How do you diagnose ADHD in children?
No laboratory test. Diagnosis based on a set of characteristic clinical findings. Core symptoms include inattention, hyperactivity and impulsivity.
What is the epidemiology of ADHD?
Est. prevalence in the US is about 8-10 percent, making ADHD the most common neurobehavioral disorder of childhood and among the most common chronic health conditions in schooled children. Not all children with ADHD have obvious behavioral problems, esp. those with predominantly inattentive not hyperactive type.
What is notable about girls with ADHD?
Girls who more often get the inattentive type, may be significantly impaired socially and academically, yet go unrecognized.

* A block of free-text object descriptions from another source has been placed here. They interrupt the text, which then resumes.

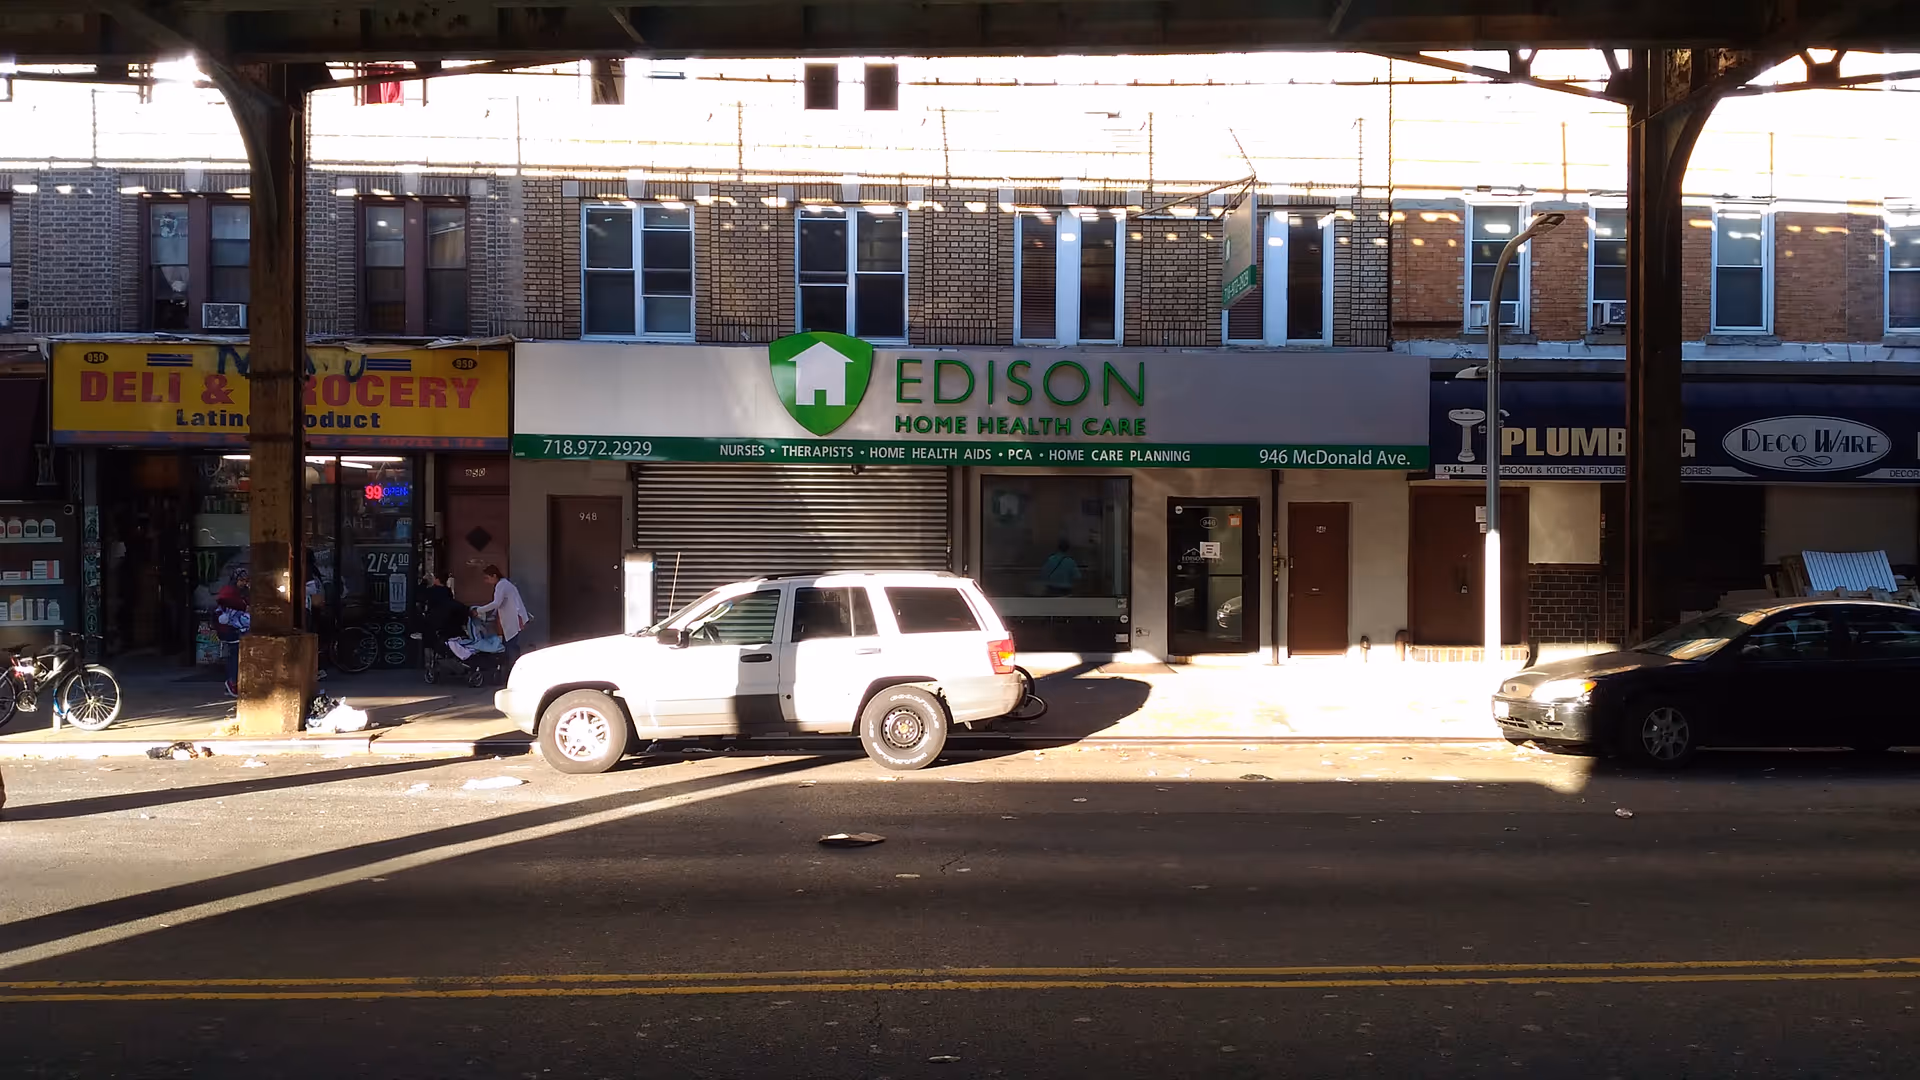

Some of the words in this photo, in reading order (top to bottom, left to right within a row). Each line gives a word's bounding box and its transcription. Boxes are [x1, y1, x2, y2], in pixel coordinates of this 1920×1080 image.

[87, 352, 106, 363] 950
[455, 359, 474, 369] 950
[80, 370, 180, 403] DELI
[201, 373, 235, 404] &
[303, 373, 480, 408] ROCERY
[896, 357, 1145, 407] EDISON
[176, 408, 250, 426] Latin
[304, 411, 381, 428] oduct
[895, 415, 967, 435] HOME
[978, 417, 1072, 436] HEALTH
[1082, 417, 1146, 437] CARE
[543, 439, 652, 457] 718.972.2929
[1501, 427, 1696, 457] PLUMBG
[719, 444, 765, 458] NURSES
[781, 445, 854, 459] THERAPISTS
[870, 447, 905, 460] HOME
[912, 447, 958, 460] HEALTH
[963, 448, 992, 461] AIDS
[1007, 449, 1033, 462] PCA
[1049, 449, 1084, 462] HOME
[1091, 449, 1123, 462] CARE
[1129, 449, 1191, 463] PLANNING
[1259, 449, 1288, 465] 946
[1293, 449, 1373, 466] McDonald
[1376, 450, 1411, 466] Ave.
[1443, 465, 1465, 473] 944
[1481, 466, 1533, 474] BHROOM
[1536, 466, 1543, 474] &
[1547, 466, 1586, 474] KITCHEN
[1589, 466, 1627, 474] FIXTURE
[365, 485, 382, 500] 99
[579, 512, 597, 522] 948

What is the etiology of diabetes in children?
Type 1 DM is characterized by insulin deficiency, typically due to autoimmune destruction of pancreatic beta cells. Type 2 CM is more heterogenous, but typically involves insulin resistance.

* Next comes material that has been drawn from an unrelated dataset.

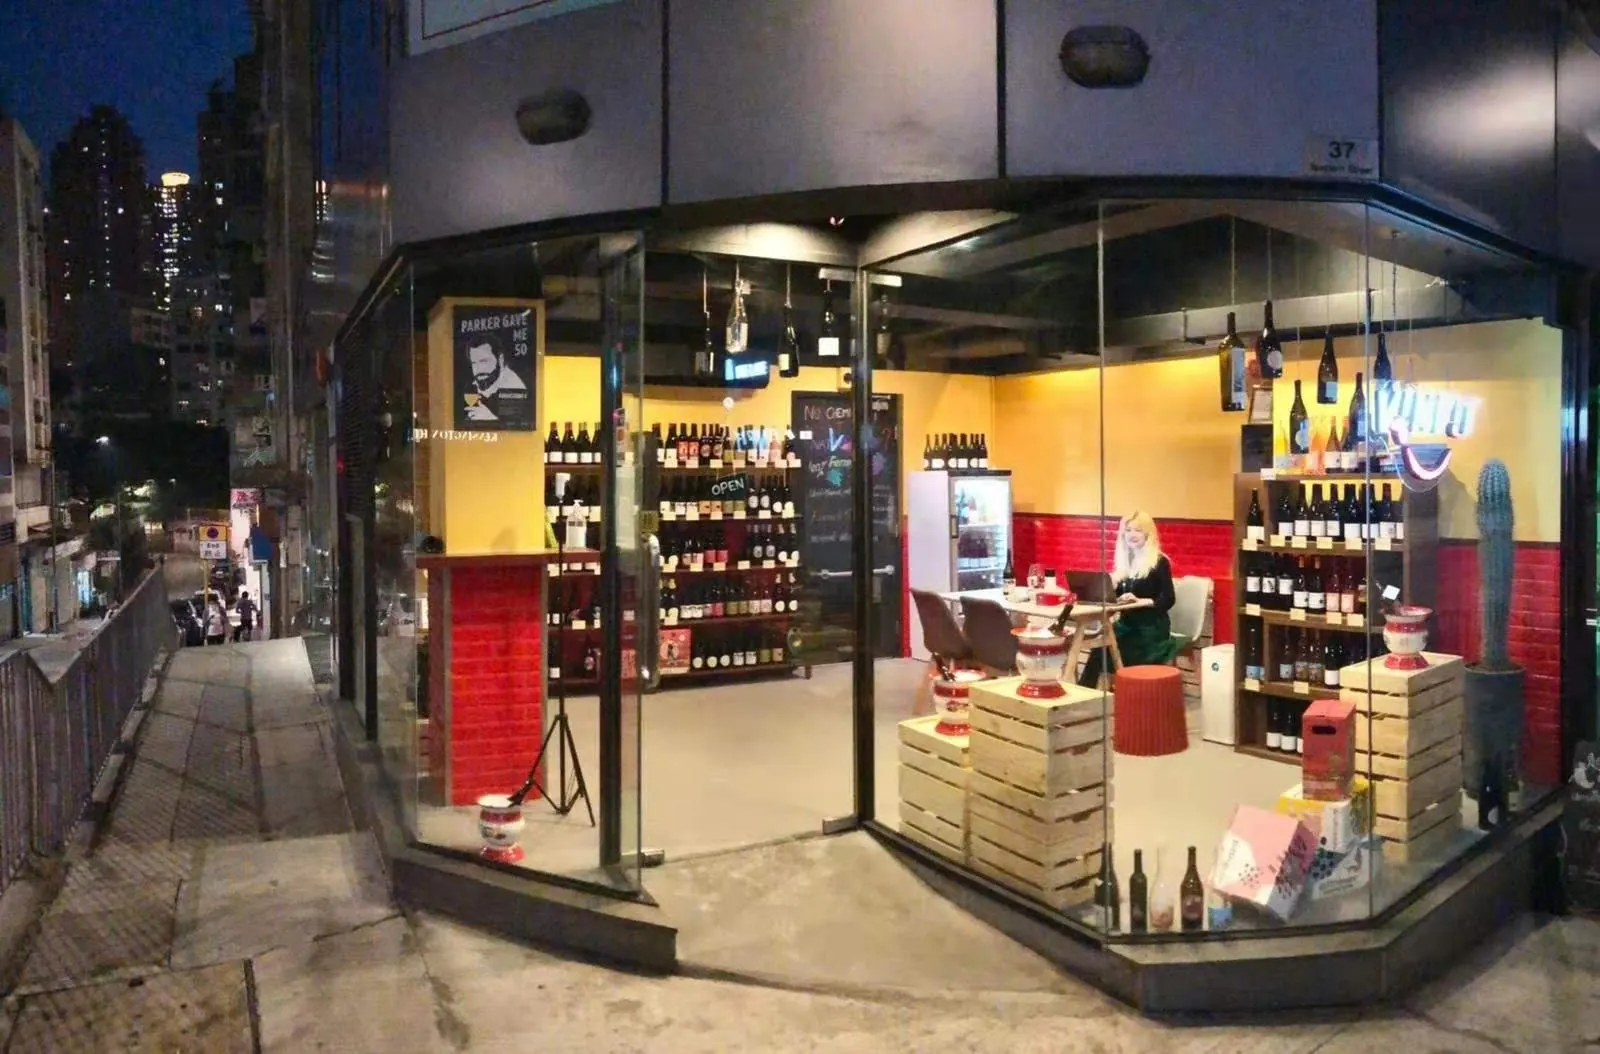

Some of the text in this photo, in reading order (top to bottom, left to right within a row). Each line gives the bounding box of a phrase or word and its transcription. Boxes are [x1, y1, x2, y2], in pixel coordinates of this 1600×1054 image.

[1328, 141, 1356, 159] 37
[461, 314, 528, 333] PARKER GAVE
[513, 328, 528, 341] ME
[711, 477, 745, 496] OPEN

How does DM present in children?
Patients with Type 2 DM typically have a more indolent presentation than patients with Type 1 DM. In Type 2 DM, weight loss is less common, and DKA is rare, although 25 percent of pts. with Type 2 DM will have ketonuria at dx. “Accidental” diagnosis by routine laboratory screening, especially urinalysis, occurs in up to one third of patients with Type 2 DM; this presentation is rare in Type 1 DM.
What is the epidemiology of DM?
Type 1 DM is more likely to present in early childhood. Age is not generally helpful in differentiating between Type 1 and Type 2 DM in adolescence. The CDC reports that type 2 DM (previously “non-insulin dependent” or “adult-onset” DM) represented 19 percent of all DM cases in children between 2002 and 2005. Though most of these patients are adolescents, rare cases have been reported in children as young as 5 yo. The trend is clearly rising.
How do you diagnose DM in children?
Sx of DM (polyuria, polydipsia, polyphagia or weight loss), plus random blood glucose level greater than 200 mg/dL (greater than 11.1 mmol/L). OR Fasting serum glucose greater than 126 mg/dL (greater than 7.0 mmol/L) Or, 2-hour serum glucose greater than 200 mg/dL (greater than 11.1 mmol/L) during oral glucose tolerance test.
What is the criteria for ADA Guidelines for testing for Type 2 DM in children and adolescents?
Overweight. BMI greater than 85th percentile. Weight:height greater than 85th percentile. Weight greater than 120 percent ideal for height plus any two of the following risk factors: (1) family hx of type 2 DM in 1st or 2nd deg relatives (2) Race/ethnicity (AI, AA, Hispanic, Asian/Pacific islander), signs of insulin resistance (acanthosis nigricans, polycystic ovary syndrome, HTN, dyslipidemia)
What is the timing for ADA Guidelines for testing for Type 2 DM in children and adolescents?
Start screening at age 10 years or at onset of puberty, whichever is earlier.
What is the frequency for ADA Guidelines for testing for Type 2 DM in children and adolescents?
Every 2 years.
What is the preferred test for ADA Guidelines for testing for Type 2 DM in children and adolescents?
Fasting serum glucose.
How should you screen for HTN in children?
Measure bp yearly starting at age 3 yrs as part of routine health maintenance visits.
What is the normal bp for a child?
Less than 90th percentile for age, gender, height and weight.